Goal of the exercise. Output the line that contains "this 1512×1344 image." and every line after it to the end of the entries, with nothing added or left out.

Data provided.
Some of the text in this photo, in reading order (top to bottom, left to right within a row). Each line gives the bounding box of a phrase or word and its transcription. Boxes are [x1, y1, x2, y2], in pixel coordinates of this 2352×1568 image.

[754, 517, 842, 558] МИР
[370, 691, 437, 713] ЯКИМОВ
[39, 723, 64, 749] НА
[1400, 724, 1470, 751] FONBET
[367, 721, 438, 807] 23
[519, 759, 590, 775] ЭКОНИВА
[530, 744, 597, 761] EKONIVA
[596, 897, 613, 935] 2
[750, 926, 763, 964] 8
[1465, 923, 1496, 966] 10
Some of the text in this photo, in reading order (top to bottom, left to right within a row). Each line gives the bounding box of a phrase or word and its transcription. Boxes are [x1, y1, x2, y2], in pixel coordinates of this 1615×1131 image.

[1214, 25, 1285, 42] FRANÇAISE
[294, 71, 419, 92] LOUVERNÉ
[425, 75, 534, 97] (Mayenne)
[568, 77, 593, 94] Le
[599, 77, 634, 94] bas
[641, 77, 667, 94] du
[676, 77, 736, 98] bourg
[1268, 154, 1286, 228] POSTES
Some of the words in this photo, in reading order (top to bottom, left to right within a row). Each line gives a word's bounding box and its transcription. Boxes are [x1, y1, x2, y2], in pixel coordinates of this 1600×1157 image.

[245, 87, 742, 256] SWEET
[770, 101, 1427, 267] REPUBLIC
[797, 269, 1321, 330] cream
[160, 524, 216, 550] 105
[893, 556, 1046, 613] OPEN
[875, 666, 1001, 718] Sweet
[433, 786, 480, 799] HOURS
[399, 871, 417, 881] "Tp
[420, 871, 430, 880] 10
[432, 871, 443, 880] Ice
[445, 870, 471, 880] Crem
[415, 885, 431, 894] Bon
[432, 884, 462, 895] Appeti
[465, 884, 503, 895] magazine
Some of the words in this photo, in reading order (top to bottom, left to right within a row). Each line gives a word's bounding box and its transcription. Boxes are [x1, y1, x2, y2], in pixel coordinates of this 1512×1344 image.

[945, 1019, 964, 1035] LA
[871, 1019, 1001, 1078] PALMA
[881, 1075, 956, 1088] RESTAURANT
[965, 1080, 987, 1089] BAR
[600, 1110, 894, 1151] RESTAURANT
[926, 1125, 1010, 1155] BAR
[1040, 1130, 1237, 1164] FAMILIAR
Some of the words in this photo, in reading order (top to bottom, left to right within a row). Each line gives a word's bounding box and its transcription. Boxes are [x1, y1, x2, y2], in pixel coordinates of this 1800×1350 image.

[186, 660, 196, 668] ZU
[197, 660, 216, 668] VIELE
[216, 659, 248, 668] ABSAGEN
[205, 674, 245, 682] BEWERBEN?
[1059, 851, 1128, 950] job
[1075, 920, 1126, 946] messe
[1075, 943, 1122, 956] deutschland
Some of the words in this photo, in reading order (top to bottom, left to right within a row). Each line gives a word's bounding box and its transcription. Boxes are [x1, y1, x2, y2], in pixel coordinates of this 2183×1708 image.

Result of this task.
Some of the words in this photo, in reading order (top to bottom, left to right within a row). Each line gives a word's bounding box and its transcription. Boxes are [x1, y1, x2, y2], in pixel coordinates of this 1512×1344 image.

[945, 1019, 964, 1035] LA
[871, 1019, 1001, 1078] PALMA
[881, 1075, 956, 1088] RESTAURANT
[965, 1080, 987, 1089] BAR
[600, 1110, 894, 1151] RESTAURANT
[926, 1125, 1010, 1155] BAR
[1040, 1130, 1237, 1164] FAMILIAR
Some of the words in this photo, in reading order (top to bottom, left to right within a row). Each line gives a word's bounding box and its transcription. Boxes are [x1, y1, x2, y2], in pixel coordinates of this 1800×1350 image.

[186, 660, 196, 668] ZU
[197, 660, 216, 668] VIELE
[216, 659, 248, 668] ABSAGEN
[205, 674, 245, 682] BEWERBEN?
[1059, 851, 1128, 950] job
[1075, 920, 1126, 946] messe
[1075, 943, 1122, 956] deutschland
Some of the words in this photo, in reading order (top to bottom, left to right within a row). Each line gives a word's bounding box and its transcription. Boxes are [x1, y1, x2, y2], in pixel coordinates of this 2183×1708 image.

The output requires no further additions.